# [Task details]
Would you restate all of the entries verbatim, minus any images?

# [Records for this task]
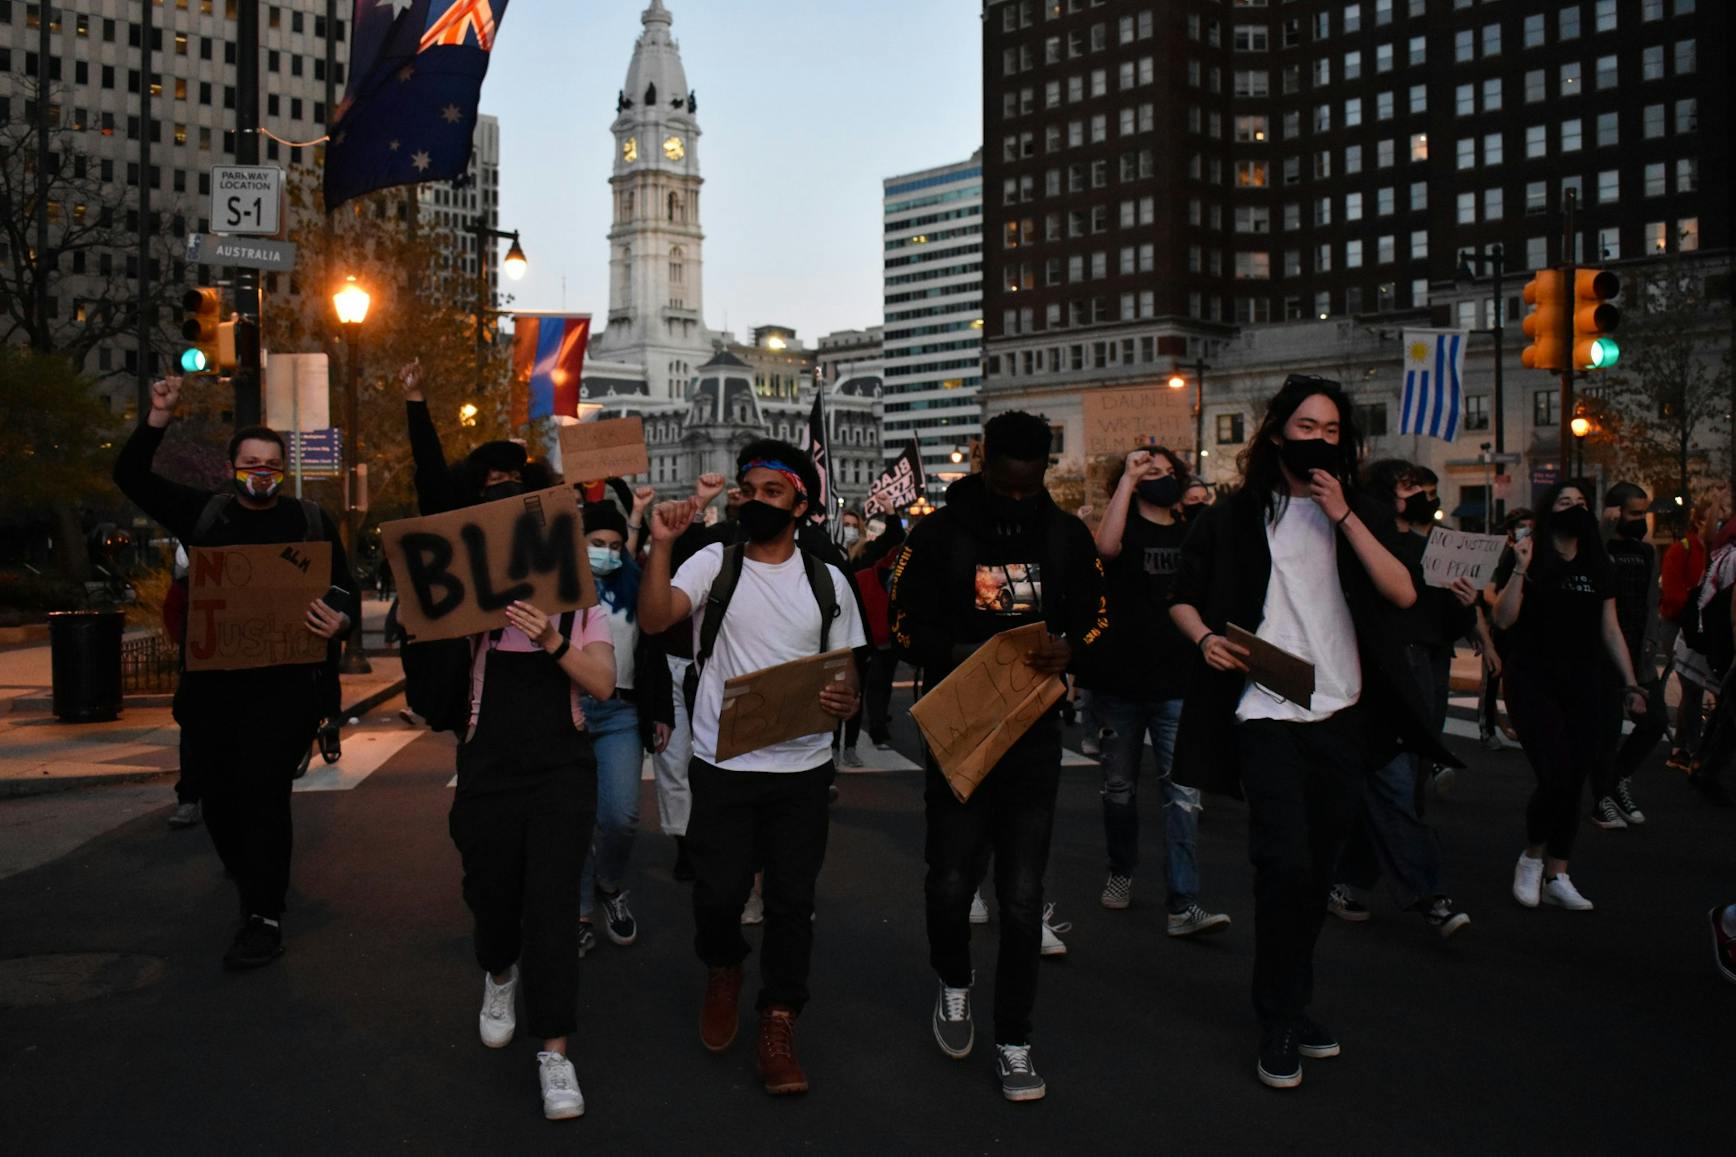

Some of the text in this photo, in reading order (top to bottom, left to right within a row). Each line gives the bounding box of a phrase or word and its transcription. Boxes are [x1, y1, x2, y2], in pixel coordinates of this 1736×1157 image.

[220, 181, 271, 190] LOCATION
[227, 196, 261, 226] S-1
[215, 245, 281, 262] AUSTRALIA
[1097, 415, 1183, 433] WRIGHT
[1430, 531, 1453, 548] NO
[193, 550, 253, 587] NO
[279, 545, 312, 575] BLM
[401, 513, 580, 621] BLM

# [Finished exercise]
Some of the text in this photo, in reading order (top to bottom, left to right within a row). Each line gives the bounding box of a phrase or word and its transcription. Boxes are [x1, y1, x2, y2], in pixel coordinates of this 1736×1157 image.

[220, 181, 271, 190] LOCATION
[227, 196, 261, 226] S-1
[215, 245, 281, 262] AUSTRALIA
[1097, 415, 1183, 433] WRIGHT
[1430, 531, 1453, 548] NO
[193, 550, 253, 587] NO
[279, 545, 312, 575] BLM
[401, 513, 580, 621] BLM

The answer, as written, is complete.